Jangtse-Fluss
Fischfangverbot trägt zur Förderung der Artenvielfalt bei
Die aquatische Artenvielfalt im Jangtse-Fluss zeigt deutliche Anzeichen einer Erholung. Neue Überwachungsdaten würden auf eine Umkehr des Rückgangs der biologischen Ressourcen im Fluss hindeuten, wie das Ministerium für Landwirtschaft und ländliche Angelegenheiten am Dienstag bekannt gab.
Ein Schweinswal im Jangtse-Fluss in Yichang in der zentralchinesischen Provinz Hubei. (3. August 2020, Xinhua)
Von 2021 bis 2025 verbesserte sich der Index für die aquatische biologische Integrität in wichtigen Abschnitten des Jangtse um zwei Stufen im Vergleich zum Zeitraum vor dem Fischfangverbot (2017–2020). Dies deutet darauf hin, dass der langfristige Rückgang der aquatischen biologischen Ressourcen im Fluss entscheidend umgekehrt wurde.
Die Ergebnisse wurden am Dienstag auf einer nationalen Konferenz in Shanghai vorgestellt, die den Fortschritt des zehnjährigen Fischfangverbots am Jangtse bilanzierte.
China hat das Fischfangverbot 2021 im Hauptstrom des Jangtse und in wichtigen Nebenflüssen eingeführt, um die erschöpften Fischbestände und Ökosysteme wiederherzustellen.
Daten würden zeigen, dass sich die aquatischen Ressourcen seit der vollständigen Umsetzung des Verbots im Jahr 2021 deutlich erholt haben, wie auf der Konferenz hieß.
Zwischen 2021 und 2025 wurden im gesamten Einzugsgebiet des Jangtse 351 einheimische Fischarten nachgewiesen – ein Zuwachs von 43 Arten im Vergleich zum Zeitraum 2017-2020 vor Inkrafttreten des Verbots.
Auch die Strafverfolgung entlang des Flusses wurde verstärkt, was dazu beitrug, illegale Fischerei und damit verbundene Handelsnetze einzudämmen.
Im Jahr 2025 gingen die Strafverfahren im Zusammenhang mit der Fischerei im Jahresvergleich um fast 40 Prozent zurück.
Gleichzeitig haben die Behörden daran gearbeitet, die vom Verbot betroffenen Fischer zu unterstützen. Insgesamt haben 231.000 Fischer ihre Fischereitätigkeit aufgegeben, wobei 141.000 von ihnen eine andere Beschäftigung gefunden haben. Etwa 220.000 wurden in die Rentenversicherung aufgenommen, während 12.000 Menschen, die sich in finanziellen Schwierigkeiten befinden, in Hilfsprogramme aufgenommen wurden.

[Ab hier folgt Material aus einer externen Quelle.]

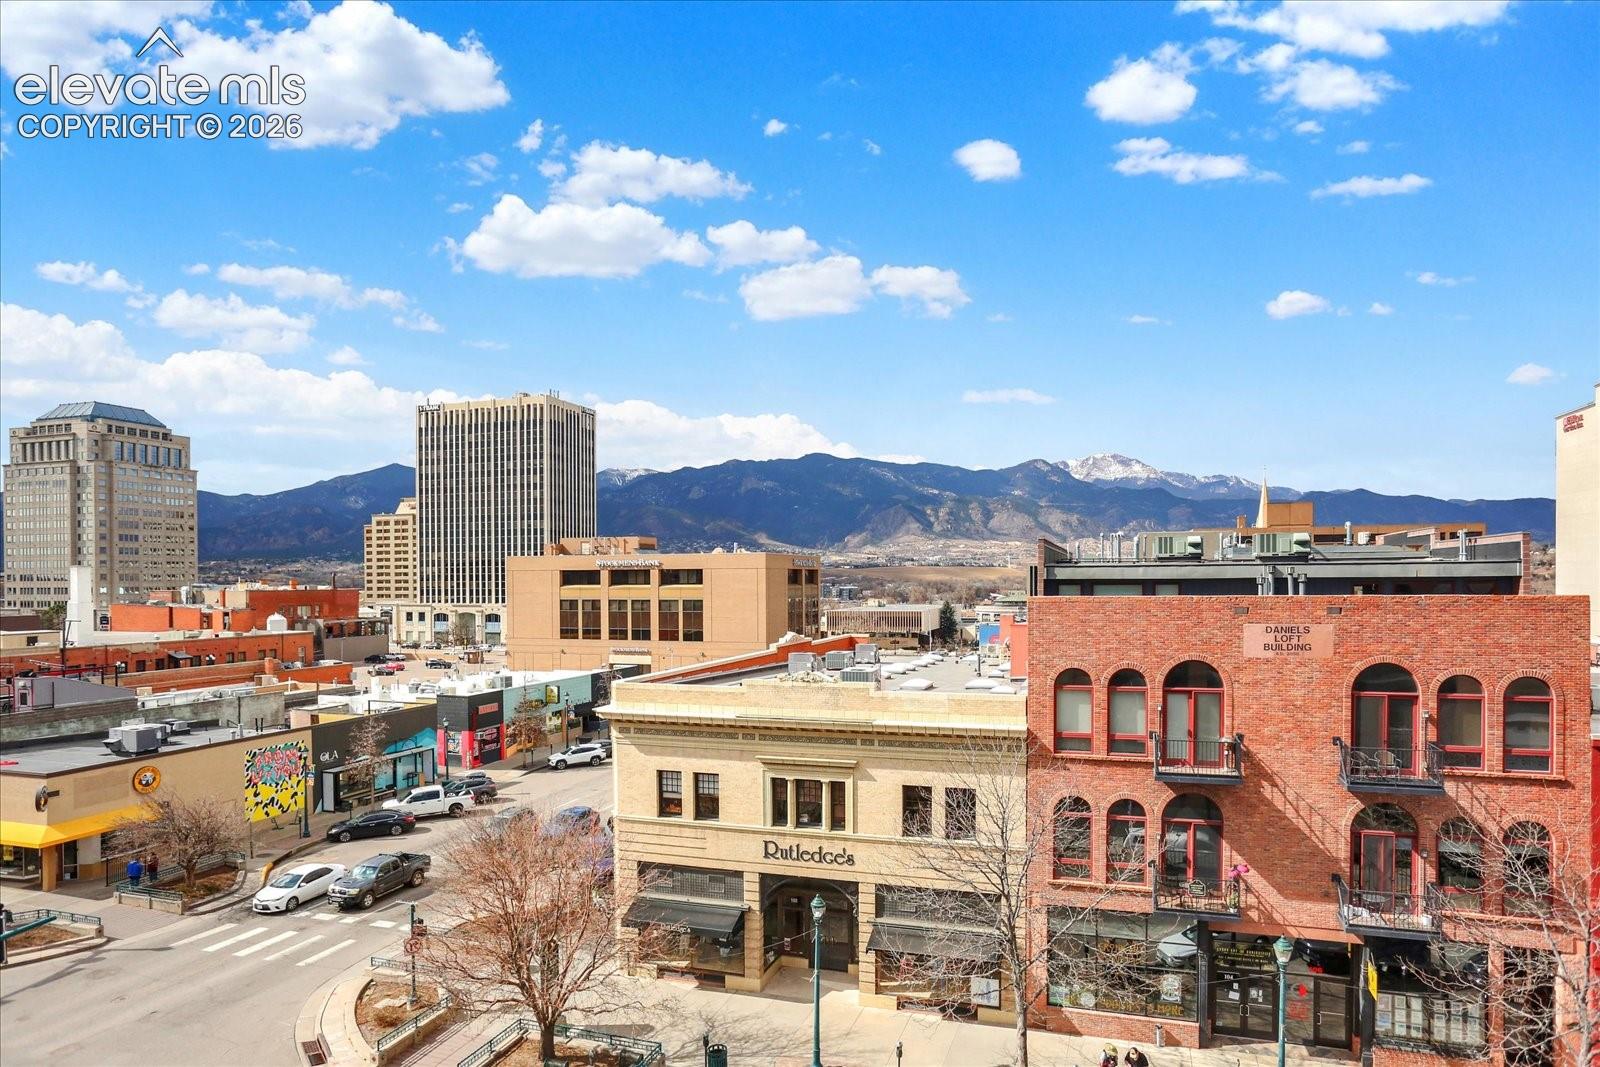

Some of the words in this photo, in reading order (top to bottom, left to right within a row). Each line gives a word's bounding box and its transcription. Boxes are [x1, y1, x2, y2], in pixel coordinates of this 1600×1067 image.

[1265, 626, 1311, 634] DANIELS
[1274, 634, 1303, 643] LOFT
[1263, 643, 1312, 651] BUILDING
[763, 840, 855, 866] Rutledge's
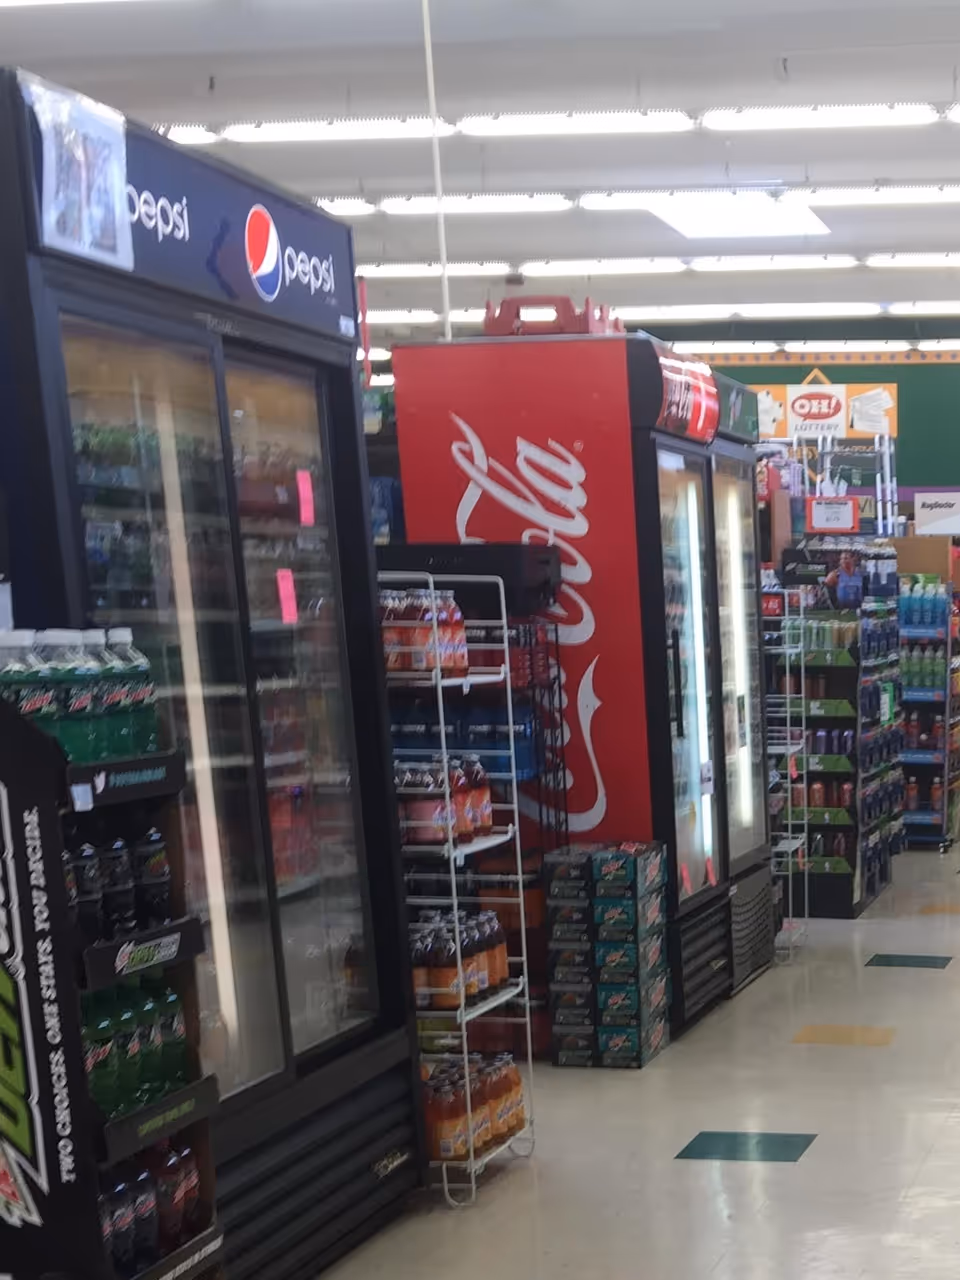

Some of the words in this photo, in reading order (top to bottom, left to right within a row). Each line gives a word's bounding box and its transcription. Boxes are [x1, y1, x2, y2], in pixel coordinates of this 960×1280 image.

[284, 246, 335, 294] pepsi
[793, 397, 838, 415] OH!
[56, 1139, 76, 1183] TWO

Um den Naturschutz zu vertiefen, veröffentlichte das Ministerium einen Aktionsplan für 2026, der 60 Maßnahmen zur Stärkung der Durchsetzung, zur Ausweitung der Wiederherstellung von Lebensräumen und zur Verbesserung der Lebensgrundlagen ehemaliger Fischer umfasst.
Zu den Prioritäten gehören die Wiederherstellung von Feuchtgebieten und ökologischen Uferzonen, um die Lebensräume für aquatische Arten zu erweitern. Schutzprogramme für Leitarten wie den Jangtse-Glattschweinswal und den Chinesischen Stör werden ebenfalls intensiviert.